(Referring expression grounding data)
[Start of Attachment]
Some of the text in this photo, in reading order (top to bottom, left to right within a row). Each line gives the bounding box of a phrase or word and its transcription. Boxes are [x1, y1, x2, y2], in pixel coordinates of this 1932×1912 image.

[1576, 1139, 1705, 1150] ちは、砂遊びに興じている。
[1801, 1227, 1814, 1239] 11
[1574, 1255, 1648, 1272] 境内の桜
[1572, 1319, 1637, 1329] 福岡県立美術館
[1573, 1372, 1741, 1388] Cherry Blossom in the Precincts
[End of Attachment]
[Start of Attachment]
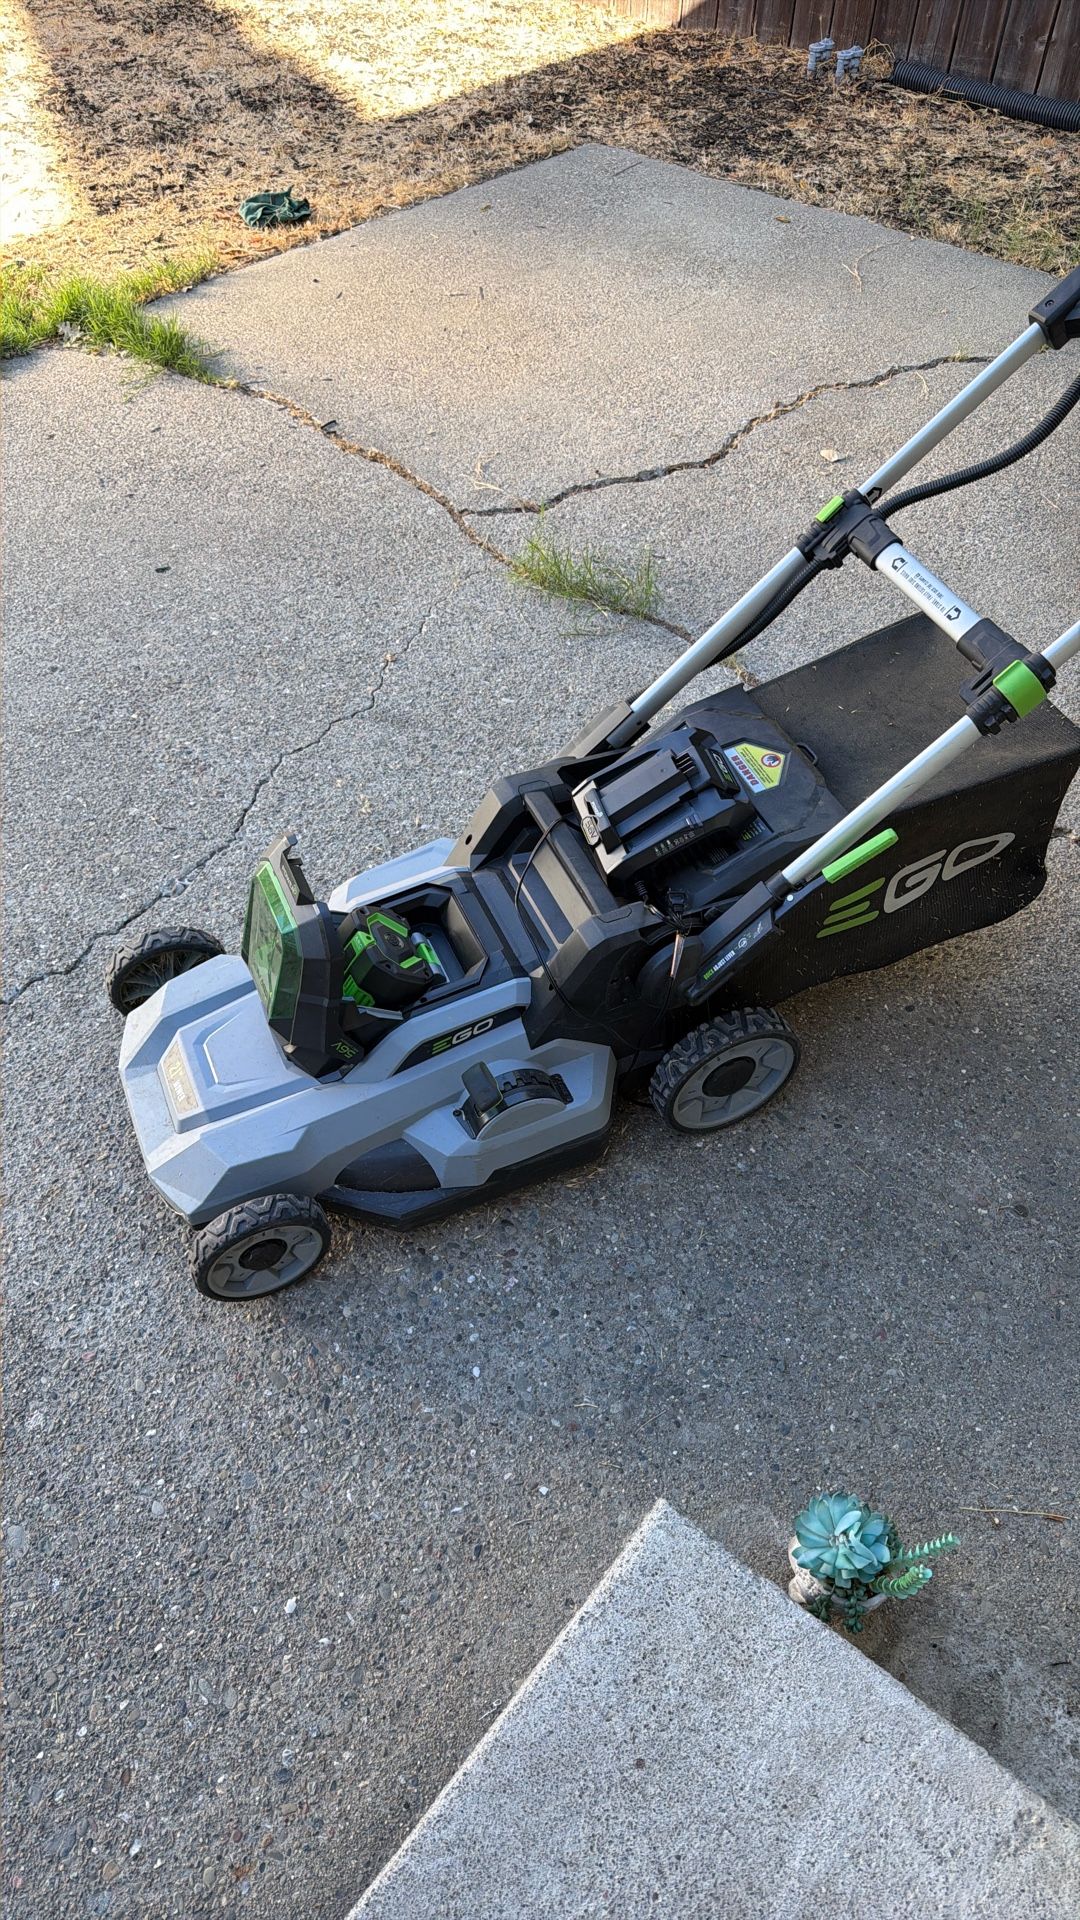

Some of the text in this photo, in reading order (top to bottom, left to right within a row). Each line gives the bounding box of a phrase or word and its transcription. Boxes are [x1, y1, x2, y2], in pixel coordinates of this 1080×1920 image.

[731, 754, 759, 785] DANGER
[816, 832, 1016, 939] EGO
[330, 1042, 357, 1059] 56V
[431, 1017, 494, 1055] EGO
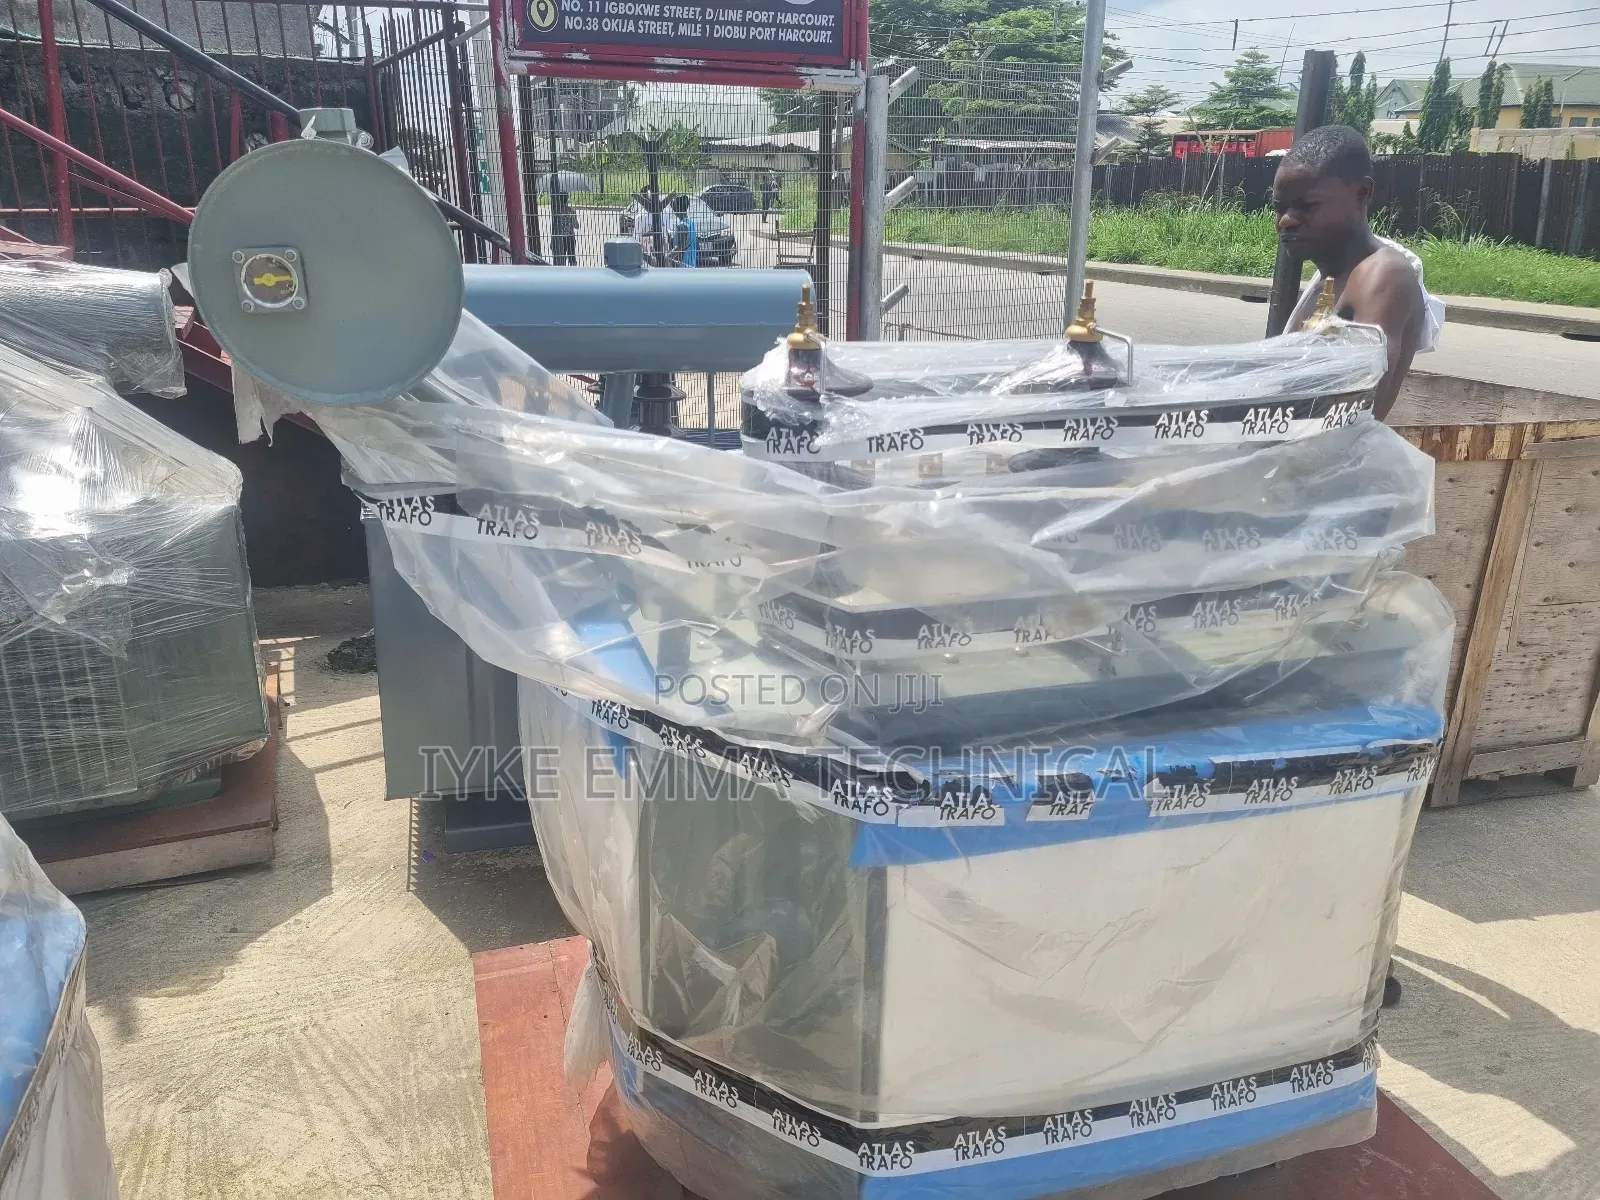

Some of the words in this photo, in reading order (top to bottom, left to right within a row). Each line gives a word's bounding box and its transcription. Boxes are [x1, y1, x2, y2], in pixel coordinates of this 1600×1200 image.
[End of Attachment]
Try it:
Your answer is the exact run of lines above from the one with "this 1080×1920 image." through the one with "Some of the words", both ends included, minus any picture.

Exercise result:
Some of the text in this photo, in reading order (top to bottom, left to right within a row). Each line gives the bounding box of a phrase or word and its transcription. Boxes are [x1, y1, x2, y2], in pixel coordinates of this 1080×1920 image.

[731, 754, 759, 785] DANGER
[816, 832, 1016, 939] EGO
[330, 1042, 357, 1059] 56V
[431, 1017, 494, 1055] EGO

Some of the words in this photo, in reading order (top to bottom, left to right within a row). Each line gives a word's bounding box and its transcription. Boxes are [x1, y1, x2, y2], in pixel coordinates of this 1600×1200 image.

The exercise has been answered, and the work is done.